Pembroke Welsh Corgi

If you’re on the more active side, and comfortable with a dog who’s smart, determined and strong-willed, a Pembroke Welsh Corgi might be a good fit. Long known as the dog favored by England’s Queen Elizabeth (who also fancies her Dorgis, a double dose of short-leggedness that’s the offspring of a Corgi and a Dachshund), the Corgi’s strong will is kept somewhat in check by the limitations of those little legs.

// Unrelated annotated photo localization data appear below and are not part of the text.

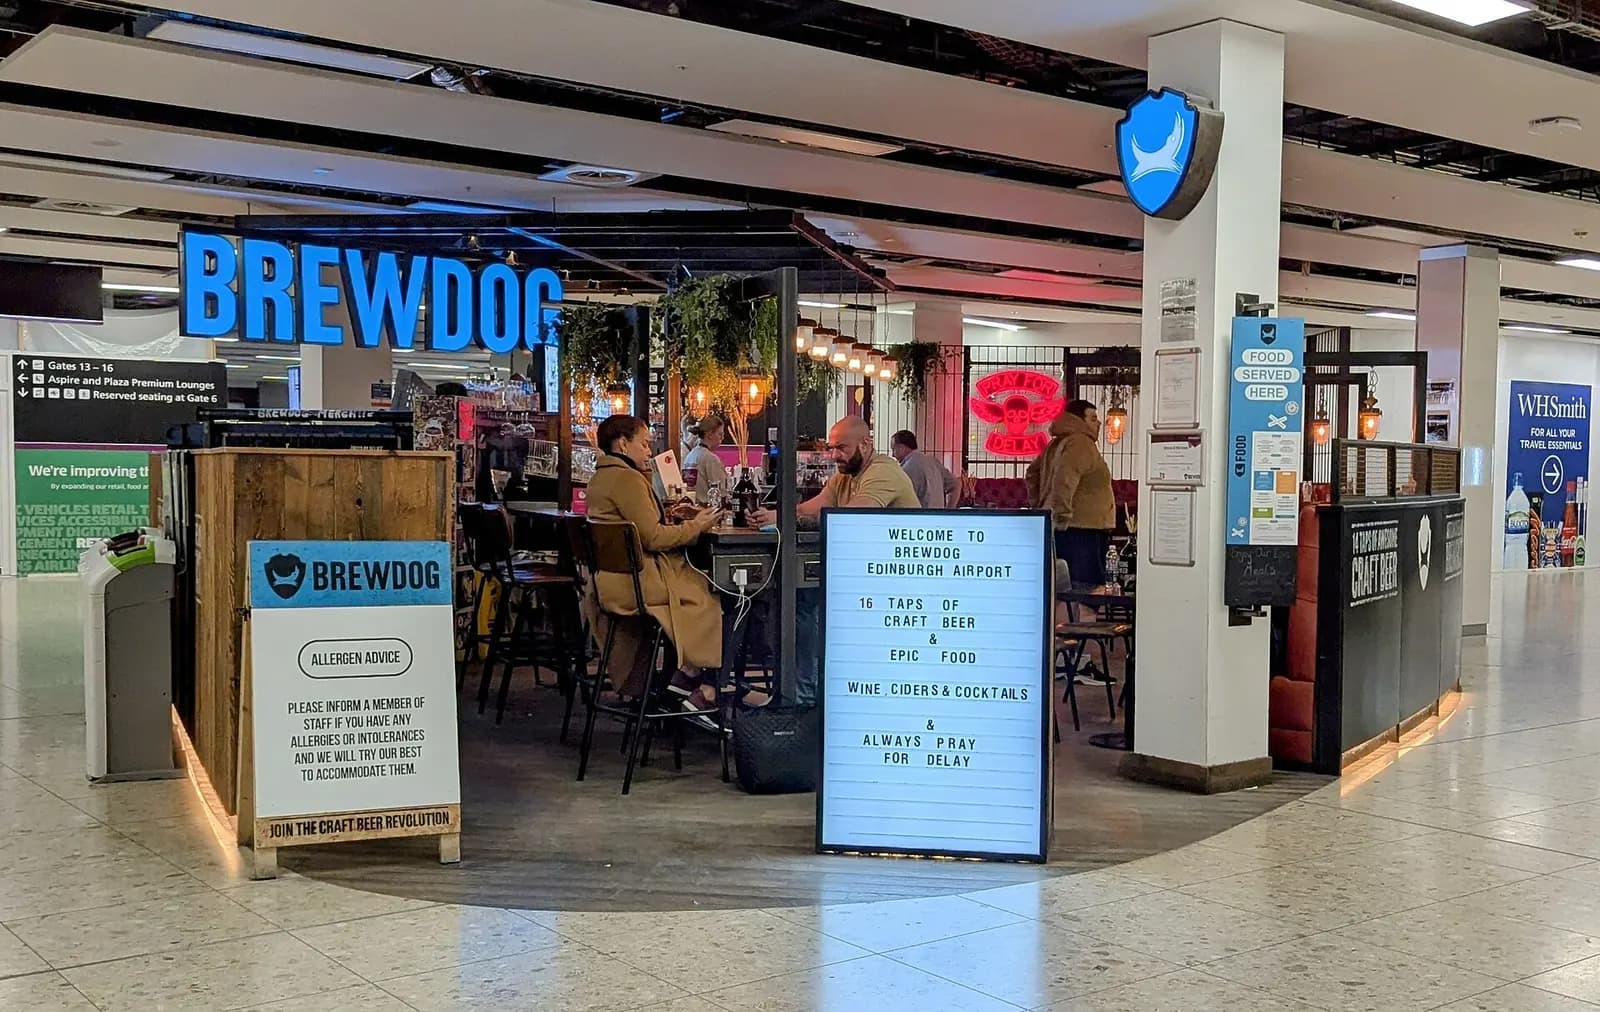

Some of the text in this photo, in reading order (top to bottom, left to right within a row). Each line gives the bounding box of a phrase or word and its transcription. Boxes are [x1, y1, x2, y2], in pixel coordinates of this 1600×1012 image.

[184, 231, 564, 353] BREWDOG
[1250, 352, 1285, 362] FOOD
[48, 361, 77, 371] Gates
[79, 363, 91, 371] 13
[102, 364, 114, 372] 16
[1242, 370, 1292, 380] SERVED
[48, 376, 215, 390] Aspire and Plaza Premium Lounges
[984, 373, 1052, 395] PRAY FOR
[93, 391, 218, 403] Reserved seating at Gate 6
[1249, 388, 1284, 398] HERE
[1517, 394, 1586, 418] WHSmith
[1530, 427, 1576, 438] FOR ALL YOUR
[993, 438, 1039, 450] DELAY
[1235, 435, 1247, 462] FOOD
[1520, 440, 1582, 450] TRAVEL ESSENTIALS
[29, 465, 68, 476] We're
[70, 465, 137, 478] improving
[61, 483, 94, 491] expanding
[25, 504, 90, 515] VEHICLES
[92, 504, 137, 515] RETAIL
[888, 528, 985, 543] WELCOME TO
[895, 547, 961, 560] BREWDOG
[313, 560, 440, 591] BREWDOG
[867, 563, 1012, 578] EDINBURGH AIRPORT
[1351, 554, 1379, 599] CRAFT
[1380, 551, 1398, 592] BEER
[859, 598, 959, 611] 16 TAPS OF
[884, 615, 975, 629] CRAFT BEER
[929, 633, 937, 645] &
[311, 650, 401, 666] ALLERGEN ADVICE
[890, 650, 976, 664] EPIC FOOD
[891, 683, 938, 696] CIDERS
[942, 685, 950, 697] &
[955, 686, 1028, 700] COCKTAILS
[288, 696, 425, 714] PLEASE INFORM A MEMBER OF
[303, 713, 412, 730] STAFF IF YOU HAVE ANY
[927, 719, 935, 731] &
[291, 729, 425, 748] ALLERGIES OR INTOLERANCES
[863, 734, 976, 750] ALWAYS PRAY
[294, 746, 422, 765] AND WE WILL TRY OUR BEST
[884, 752, 971, 768] FOR DELAY
[301, 763, 417, 782] TO ACCOMMODATE THEM.
[270, 811, 449, 839] JOIN THE CRAFT BEER REVOLUTION

They don’t seem to be aware of the problem, though, which means you have to do your best to keep your Corgi from injuring that long back. That means stairs for the bed or couch, and ramps for the car. And yes, lifting: Although the Corgi is a relative small dog, he’s no lightweight, especially if you don’t watch his diet. But a better companion for an active life is hard to find, which is why Corgis are the darlings of the equine set, along with the hard-charging Jack Russell.

Again, these are just some general suggestions to get you thinking before you choose a dog who’s no longer a good fit with your current circumstances. We all age differently, with different abilities and expectations, and just as there will be people who take up mountain climbing in their sixties, there will be people in their seventies who do just fine with German Shepherds and Labrador Retrievers. But most of us will probably be happier with a smaller, less demanding dog to keep us company in the final decades of a dog-loving life.